Misalnya, tentang adat terima tamu. Asalnya itu bukan dari nilainilai Islam asli. Nabi melihat orang Arab itu kalau kedatangan tamu senang, penghormatannya luar biasa, orang kalau tidak punya harta menyembelih kambing, yang punya harta menyembelih unta. Ini kemudian dijustifikasi oleh Nabi. Bayangkan prilaku yang sederhana berupa penghormatan tamu disandingkan dengan entitas keimanan yang paling tinggi, iman kepada Allah ditambah lagi iman dengan hari akhir yang belum dilalui oleh manusia. Ini kan luar biasa. Itu namanya budaya yang baik dalam Islam itu diterima.
Contoh lain nikah, pernikahan daim diterima oleh Islam. Pernikahan di masa jahiliyah itu banyak, ada sighâr, ada mut’ah dan lain sebagainya. Yang diterima adalah nikah daim. Budaya yang baik diterima yang buruk tidak. Jadi banyak sumbangan budaya Arab itu terhadap Islam. Apa ini juga mau dihilangkan semua? Pilih-pilih dulu. Kalau seperti jubah, serban, dls itu memang budaya.
Nah kenapa ulama-ulama Islam itu mereka juga memakai jubah dan imamah? Itu semata-mata bukan karena orang Arab pakai jubah, pakai imamah.
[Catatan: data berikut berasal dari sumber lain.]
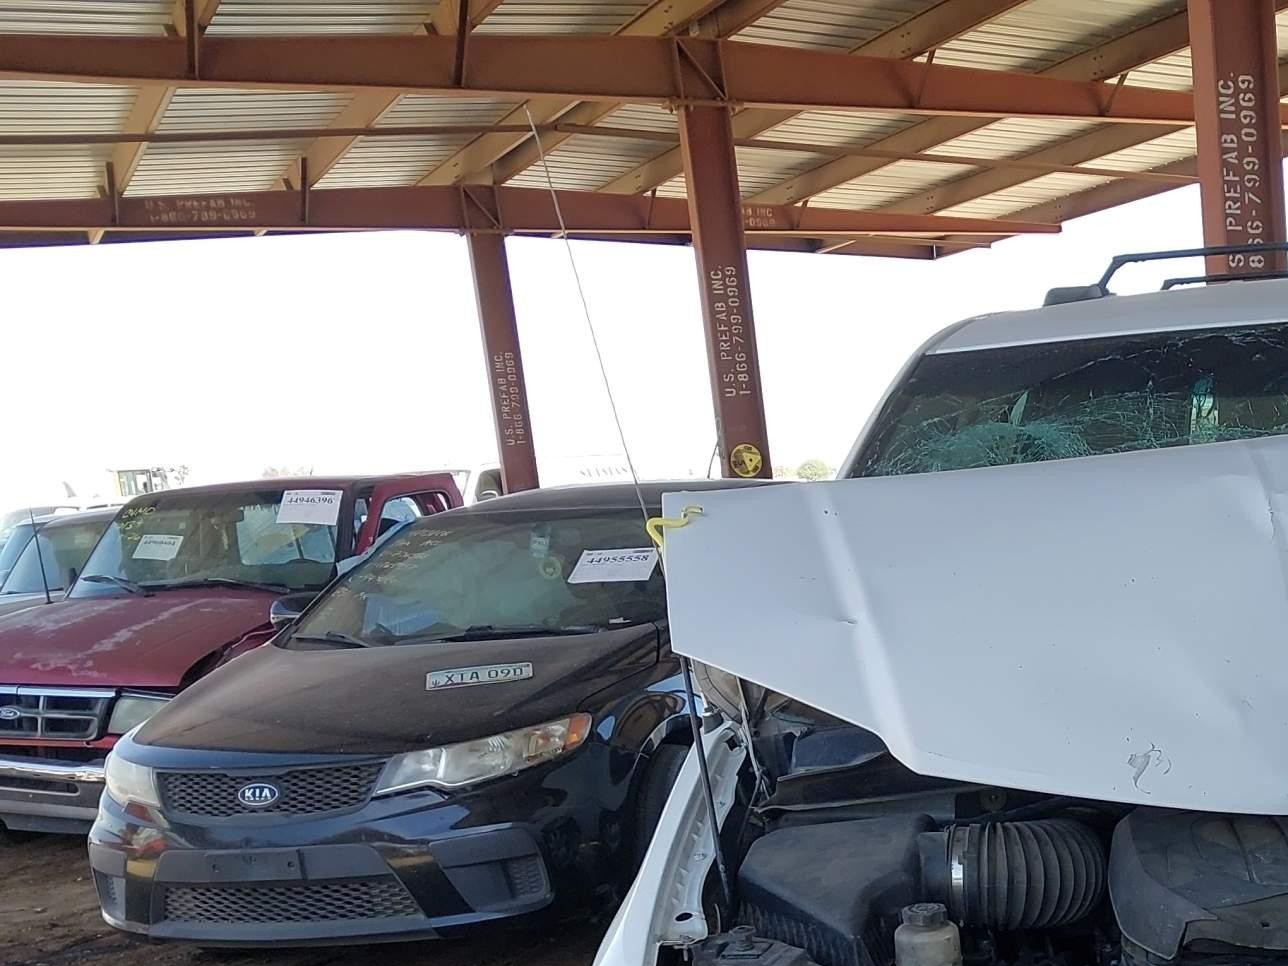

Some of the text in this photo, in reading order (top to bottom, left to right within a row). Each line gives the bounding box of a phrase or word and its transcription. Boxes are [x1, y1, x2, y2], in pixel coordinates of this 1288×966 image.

Tapi karena Nabi pakai jubah, pakai imamah, makanya kita ingin meniru Nabi kita. Habib Abdullah al-Haddad itu pernah mengatakan di dalam riwayat hidup beliau, jangankan pakaiannya, semua gerak-gerik Nabi saya teladani, baik itu yang dianjurkan dalam bentuk sunnah mupun yang tidak.
Sampai-sampai jalan cepat, itu kan termasuk karakter Rasulullah. Beliau itu kalau jalan seperti turun dari bukit, itu bukan sunah, tapi ditiru oleh ulama, apalagi pakai jubahnya. Kecuali satu kata Habib Abdullah, rambut panjang, karena di zaman Rasulullah orangorang yahudi sudah memanjangkan rambutnya. Baru ketika Habib Abdullah merasa ajalnya sudah dekat, beliau menolak tukang cukurnya, kata beliau: “Sebentar lagi saya akan meninggal, supaya paripurna saya meniru gerakgerik Rasulullah.”
Jadi intinya, kalau ada ulama pakai jubah, pakai imamah, dan lain sebagainya, itu semata-mata karena pakaian tersebut dipakai oleh Nabi, bukan karena Arabnya. Harus didudukan persoalan ini pada proporsinya. Ini baru nanti ketahuan siapa sebenarnya yang ingin membentur-benturkan dan mempertentangkan. Kita harus jernih.